*TeeVee
We watch... so you don't have to.

Is the Caller There?

You people are idiots.

No, not you, of course -- the folks with the good taste to visit TeeVee on a regular basis. You're the exceptions. But as for everyone else, they're a bunch of pinheads.

If you want proof, just turn on the TV and wait for the callers.

Call-in programs used to be the province of talk radio, and for good reason. Say what you will about the dulcet sounds of Bill from Oxnard calling up his local DJ to blather on about the dangers of nuclear proliferation... but it just doesn't make for good TV.

That changed around the late '70s. And like all ill-conceived notions that sounded like pretty good ideas at the time -- daytime talk shows, white-haired authority figures, Marlo Thomas -- the concept of viewers calling in to TV shows can be blamed solely upon Phil Donahue.

To think there was once a time when I actually looked forward to hearing Phil Donahue pull his cordless microphone away from his yammering audience members, look up at the ceiling, and shout, "Is the Caller there?" That was exciting stuff. For all I knew, The Caller could be a mysterious and exciting guest who was calling in by phone to lend extra insight to a topic.

In reality, the Caller was a Donahue viewer whose question for Phil and his guests had been carefully screened by a crack team of producers. There were only a few lucky callers on any given show. And frankly, the Callers were a good break from the idiot questions of the Donahue audience.

Nowadays, the Caller is always there. The cult of the Caller has grown expansively since the Donahue days; now whole shows have been built up around the Caller. The idea is simple: Viewers are sick and tired of being force-fed opinions from the same parade of talking heads--from both sides of the journalistic aisle. We're tired of hearing Sam Donaldson interview Defense Secretary William Perry. We're tired of Cokie Roberts grilling Trent Lott. We're fed up with George Will... pretty much all the time.

Under no circumstances do we want to see our local news anchorman spend time deposing a local college professor about an obscure topic related to today's top story. We want to hear from the people! Vox populi! What to the people have to say?

You can probably guess what the people have to say. A whole lot o' nothin'.

Because frankly, if the people out there in the vast viewing public had a lot to say, they'd probably already be on TV saying it, not sitting by their phones alternating calls to talk shows, trying to be the 14th caller so they can win the trip to Utica.

I know, I know.

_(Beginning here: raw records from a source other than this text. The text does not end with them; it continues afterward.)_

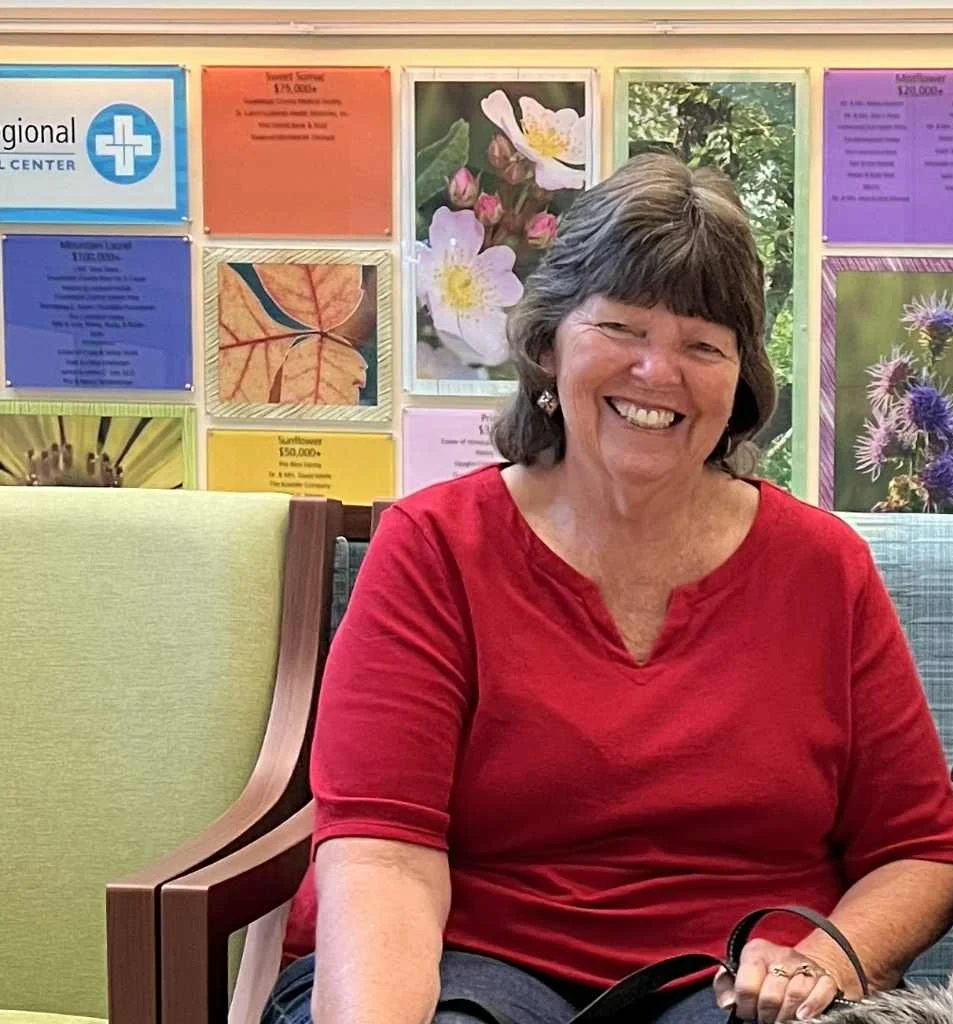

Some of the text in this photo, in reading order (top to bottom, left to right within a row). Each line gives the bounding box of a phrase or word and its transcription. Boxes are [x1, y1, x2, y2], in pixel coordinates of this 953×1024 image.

[0, 116, 75, 150] gional
[10, 159, 76, 170] CENTER
[278, 436, 323, 446] Sunflower
[279, 446, 321, 457] $50,000+
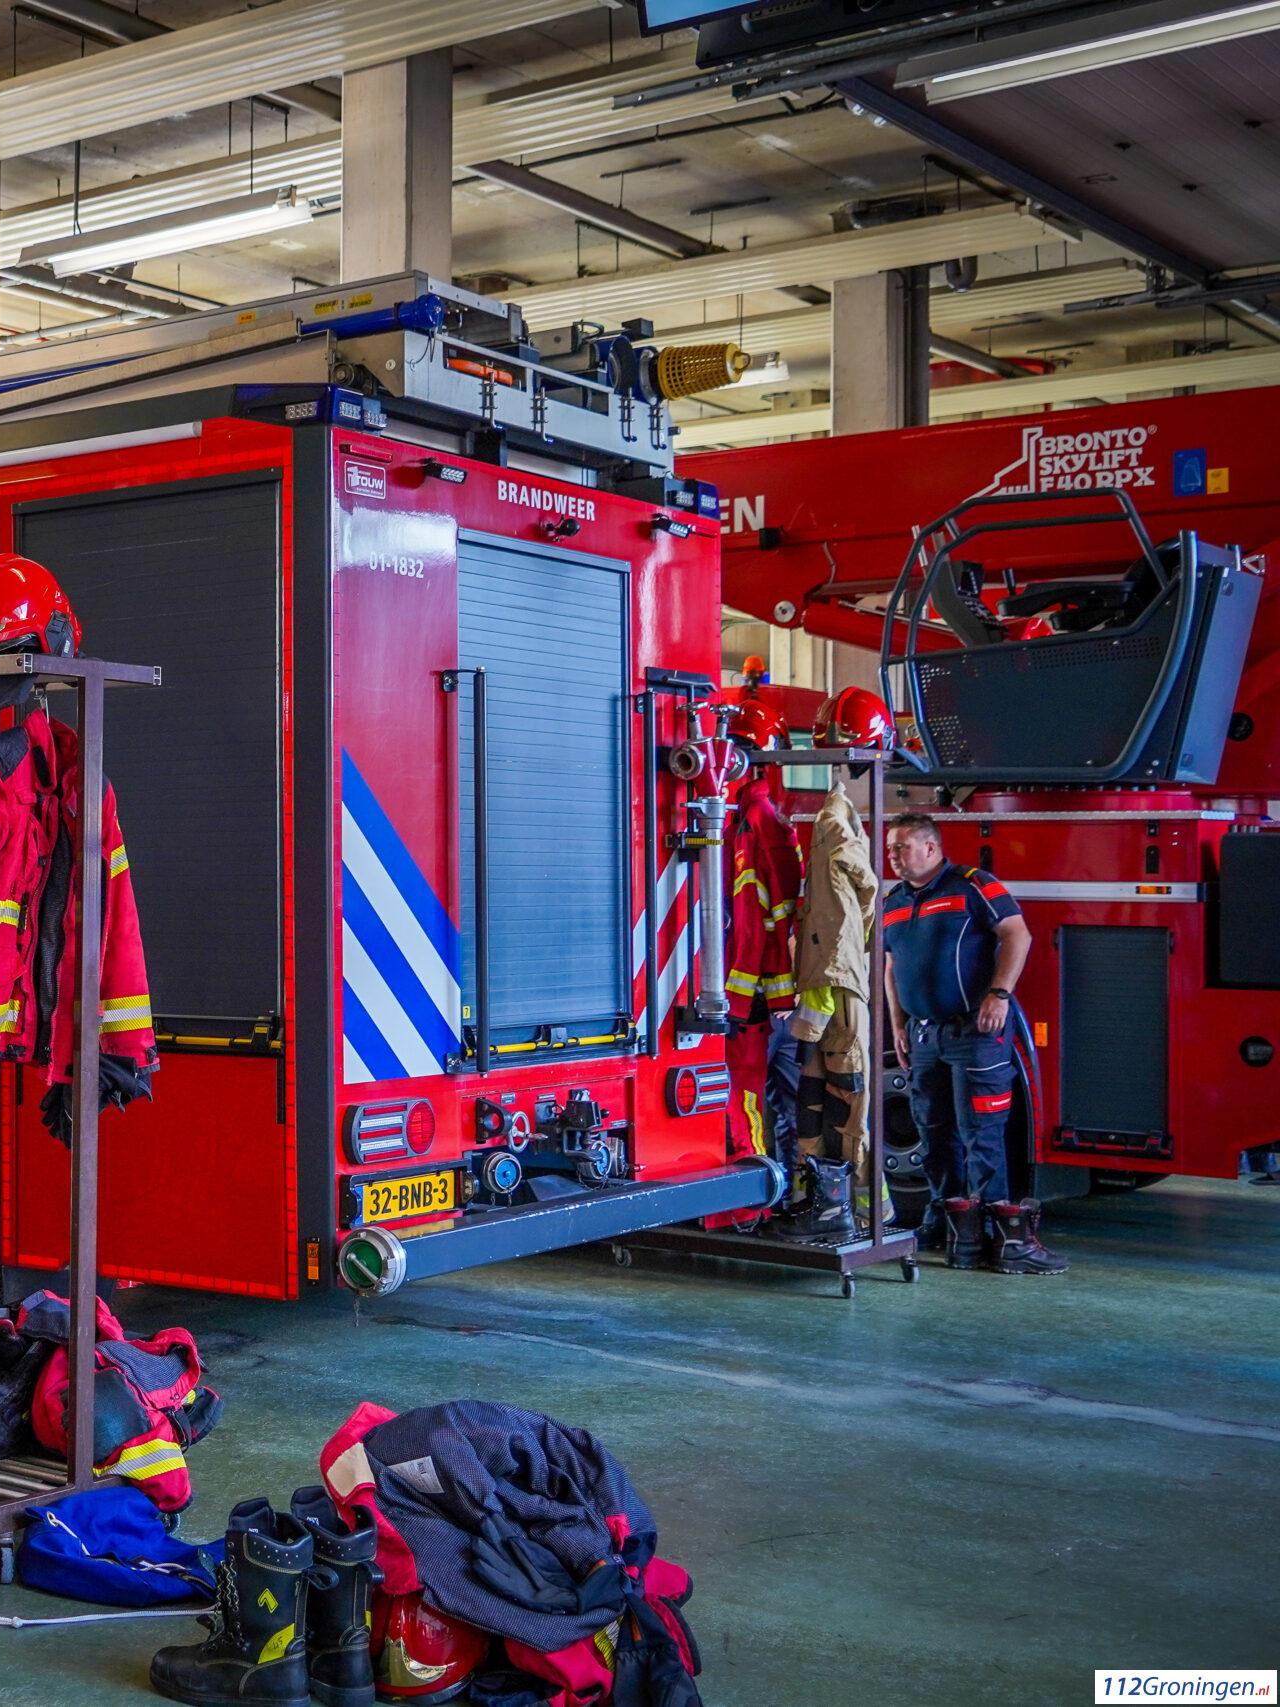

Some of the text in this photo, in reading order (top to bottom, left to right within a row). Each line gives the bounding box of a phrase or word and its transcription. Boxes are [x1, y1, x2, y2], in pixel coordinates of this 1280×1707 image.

[1039, 426, 1147, 456] BRONTO
[1039, 447, 1143, 476] SKYLIFT
[497, 479, 596, 521] BRANDWEER
[369, 552, 424, 578] 01-1832
[369, 1178, 448, 1216] 32-BNB-3
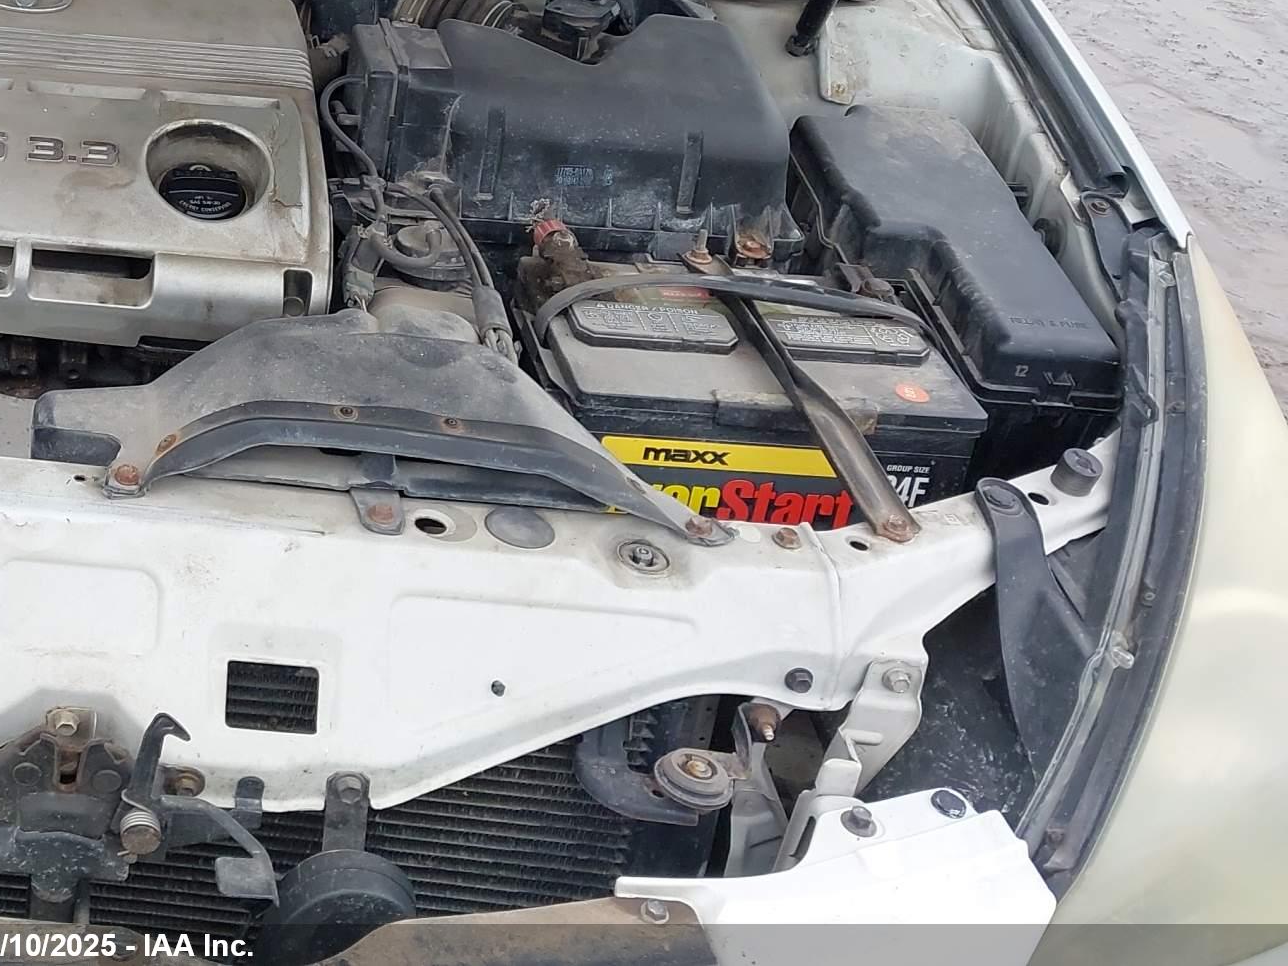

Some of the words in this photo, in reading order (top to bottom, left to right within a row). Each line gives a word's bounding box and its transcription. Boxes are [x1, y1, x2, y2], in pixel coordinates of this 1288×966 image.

[26, 135, 119, 167] 3.3
[607, 303, 649, 311] DANGER
[659, 306, 698, 315] POISON
[886, 464, 913, 473] GROUP
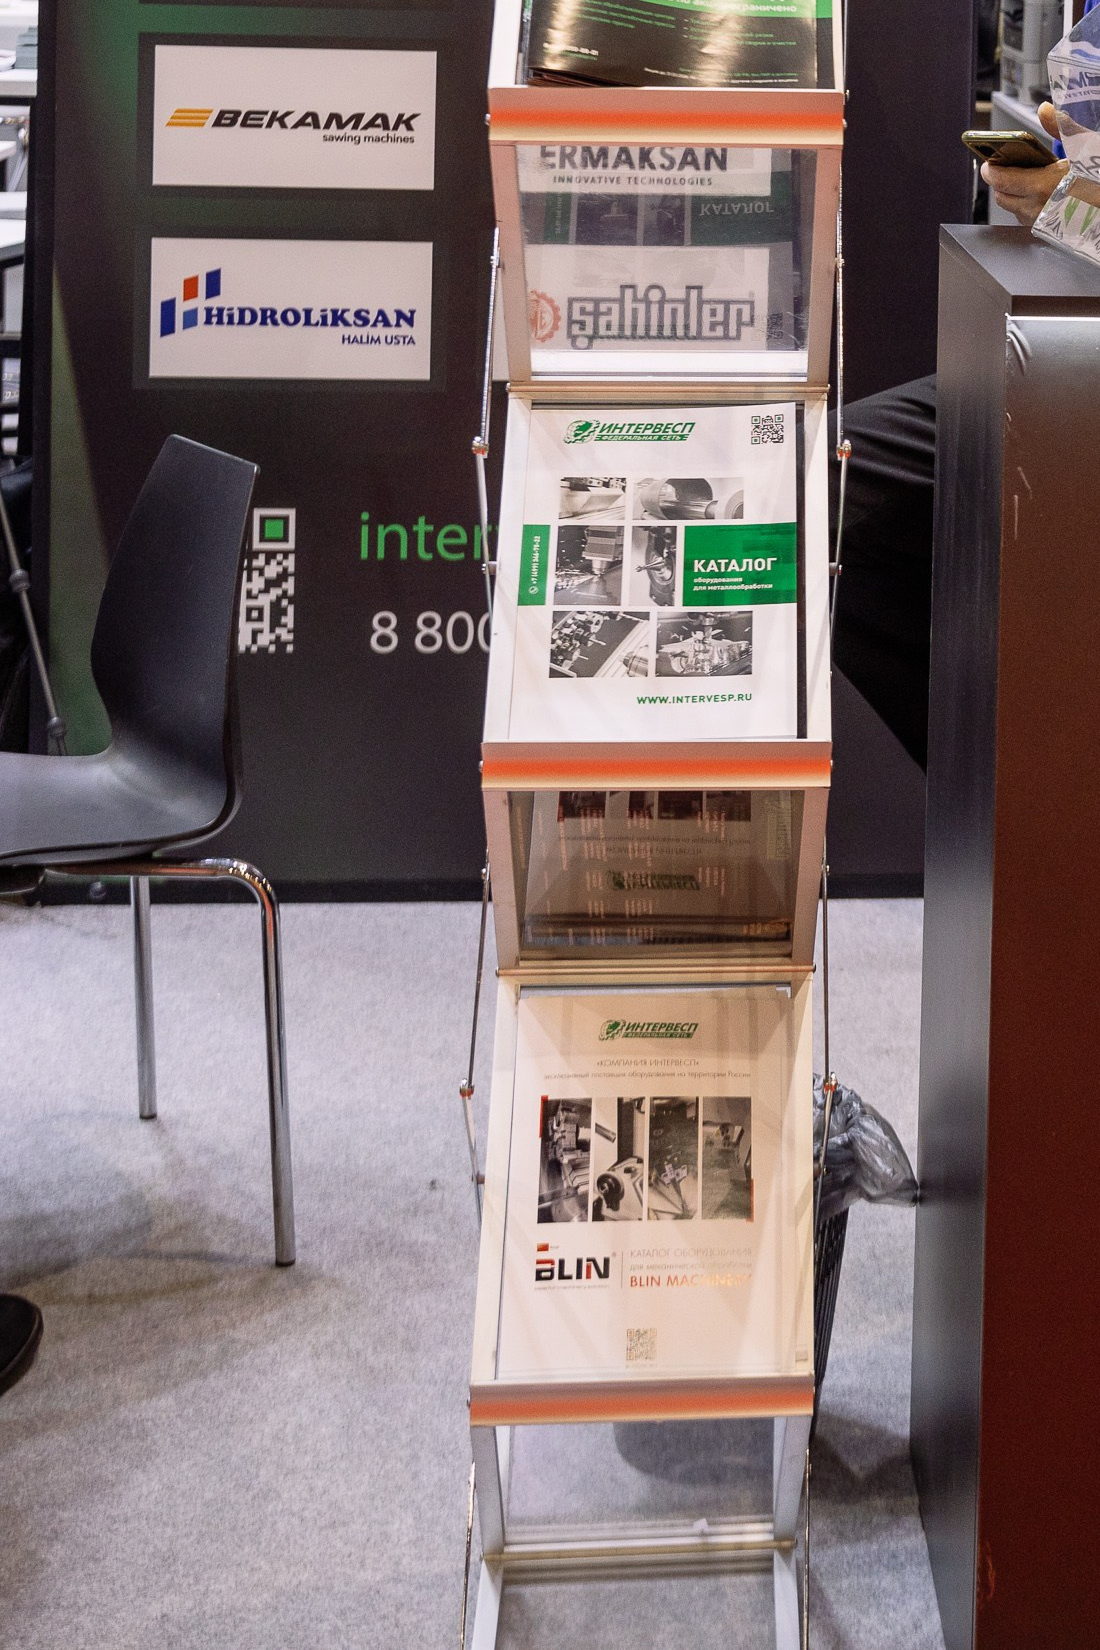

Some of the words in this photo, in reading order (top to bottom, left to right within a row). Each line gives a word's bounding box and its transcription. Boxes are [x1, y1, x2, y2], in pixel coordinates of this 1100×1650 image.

[211, 109, 421, 132] BEKAMAK
[322, 135, 361, 145] sawing
[363, 133, 415, 143] machines
[540, 144, 728, 172] ERMAKSAN
[553, 175, 621, 185] INNOVATIVE
[627, 176, 713, 186] TECHNOLOGIES
[384, 334, 416, 346] USTA
[599, 422, 696, 434] ИНТЕРВЕСП
[360, 511, 499, 561] inter
[693, 557, 777, 573] КАТАЛОГ
[708, 583, 773, 591] металлообработки
[369, 610, 399, 654] 8
[637, 693, 752, 705] WWW.INTERVESP.RU
[625, 1022, 699, 1032] ИНТЕРВЕСП
[630, 1250, 670, 1258] КАТАЛОГ
[535, 1256, 610, 1281] BLIN
[630, 1276, 661, 1288] BLIN

As a proper '90s media-savvy guy, I'm supposed to want my reality unfiltered. I'm supposed to get off on audience participation, town hall meetings, and the like. I'm supposed to want to hear Stan in Oakland asking a convoluted question about Family Leave that essentially boils down to, "Can I get paid time off if I or any member of my family has a hangover?" I'm supposed to want to hear Dave in St. Louis opine on the finer points of NAFTA. I'm supposed to get all gooey when President Clinton pulls an Oprah and begins running around a Town Hall meeting with a cordless mike, pestering Fred in Dayton and Mary in Sandusky for their thoughts on race relations. And most of all, I'm supposed to be breathless waiting to hear just how much Sally in Dubuque thinks the Today show's Matt Lauer is a hottie.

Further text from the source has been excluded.